UrbanStreet is in negotiations with another developer, Oshkosh, Wisconsin-based Northpointe Development Corp., to build 37 units of age-restricted senior housing, as part of the 17.6-acre facelift of the northeast corner of Golf and Arlington Heights roads. That includes seven village-owned parcels and the International Plaza shopping center, where prospects for redevelopment have stalled for two decades.
But questions remain about whether the project can secure the necessary federal low-income housing tax credits.
If the deal with Northpointe falls through, UrbanStreet will use “good faith efforts” to get another developer on board, according to a memorandum of understanding with the village.
And if that doesn’t come to fruition, the village can take back a pad-ready parcel and find an affordable housing developer on its own, according to the agreement.
Meanwhile, UrbanStreet is planning to build six four-story apartment buildings totaling 266 units and rent them at market rates. As many as four commercial outlots along Golf Road — with some 34,000 square feet of space for retail, a restaurant and a day care center — also are proposed.

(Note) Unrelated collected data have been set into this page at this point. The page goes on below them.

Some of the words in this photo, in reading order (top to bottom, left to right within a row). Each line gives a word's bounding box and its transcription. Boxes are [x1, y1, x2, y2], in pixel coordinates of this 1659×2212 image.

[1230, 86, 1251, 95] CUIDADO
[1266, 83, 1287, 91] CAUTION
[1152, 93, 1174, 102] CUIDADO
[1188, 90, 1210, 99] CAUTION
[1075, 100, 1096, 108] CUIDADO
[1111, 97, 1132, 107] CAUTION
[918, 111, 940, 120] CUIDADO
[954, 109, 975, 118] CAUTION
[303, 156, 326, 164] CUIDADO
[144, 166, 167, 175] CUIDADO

Arlington Heights village Trustee Wendy Dunnington sought changes to the 18-page memorandum, which has been negotiated behind closed doors over the past year between the developer and village staff.
She pointed to the village’s inclusionary housing ordinance, approved in 2020, which requires any development receiving public assistance to set aside 10% of units as affordable. The ordinance calls for the cheaper units to be dispersed among market rate units — and that they must be built concurrently.

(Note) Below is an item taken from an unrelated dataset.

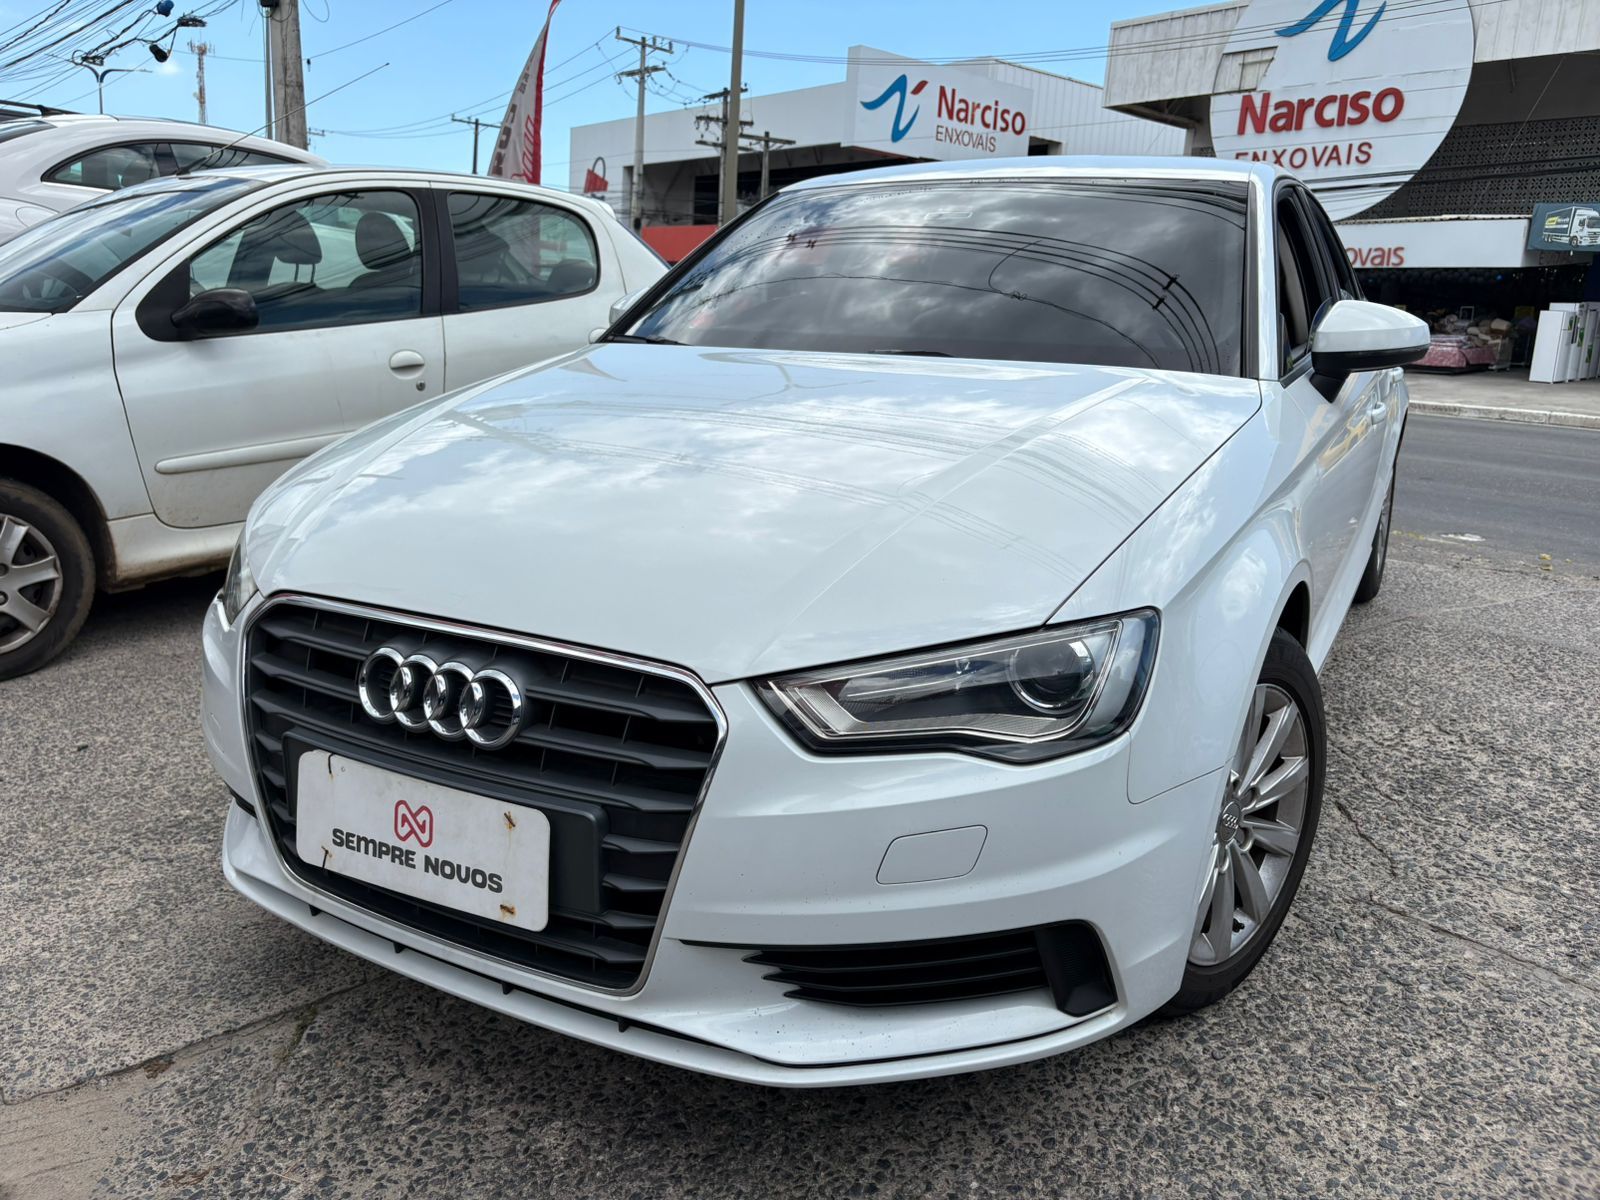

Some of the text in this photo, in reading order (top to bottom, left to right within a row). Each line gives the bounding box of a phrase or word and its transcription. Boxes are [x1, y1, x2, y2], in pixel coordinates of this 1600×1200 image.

But the village board also has the power to grant relief to those requirements.
“I’m concerned about the precedent it sets for future developments if we’re not taking those things into consideration,” Dunnington said.
Trustee Nicolle Grasse, who voted for Dunnington’s amendments, noted that residents of the senior building would have access to most, but not all, of the amenities of the neighboring market rate apartment complex.
“It’s not inclusive. It is separate. It’s not being built at the same time,” Grasse said. “You either are inclusionary or you are not.”
Jon Dennis, senior vice president of UrbanStreet, said seniors would be able to use outside amenities of the apartment buildings, like a pool. But liability and other issues arise when residents of one building enter a building of another property owner.
Dennis said the proposed senior apartment building on the northwest corner of the site is a “creative solution” to compliance with the village ordinance, and a way to get the needed funding.
“We’re not only trying to comply with it, but we’re trying to exceed what code says. And this is the solution we found. We found a way to attract other capital — federal tax credits — to build this building to exceed and honor your ordinance,” Dennis said.
The village ordinance in this case requires 27 affordable units; the developers have proposed 37.
But if those below-market rate units were interspersed in the other buildings, “We simply can’t do it,” Dennis said. “It’s not feasible. If it was, we would have already.”
Board members voted down Dunnington’s proposal and eventually OK’d the overall memorandum, with Dunnington casting the lone “no” vote.
Mayor Tom Hayes said the plan would provide at least a “dent” in the need for affordable senior housing in the area.
“This is not a developer that’s trying to run away from the ordinance. This is a developer that is really trying to meet at least the spirit of it,” Hayes said. “I want to work with them. I don’t want them to walk away.”
Village officials characterized the memo as a nonbinding, table-setting exercise that could lead to a formal redevelopment agreement. That would include guarantees allowing the developer to dip into the village’s TIF 4 fund, in which property taxes above a certain level have been diverted from schools and other taxing bodies.
The developer would get $3.3 million from TIF reserves, and a $5.3 million revenue bond and $2.79 million junior note to be paid off from revenues generated from the development, under terms of the deal.
The project also would be subject to review by the advisory housing, design and plan commissions. The village board would have final say.
Under the preliminary timeline, construction on the apartments would begin by next October, with initial occupancy by December 2025. Groundbreaking on the senior housing would occur by September 2025 and move-ins by March 2027. Construction of the commercial outlots would begin by May 2025 and be complete within two years.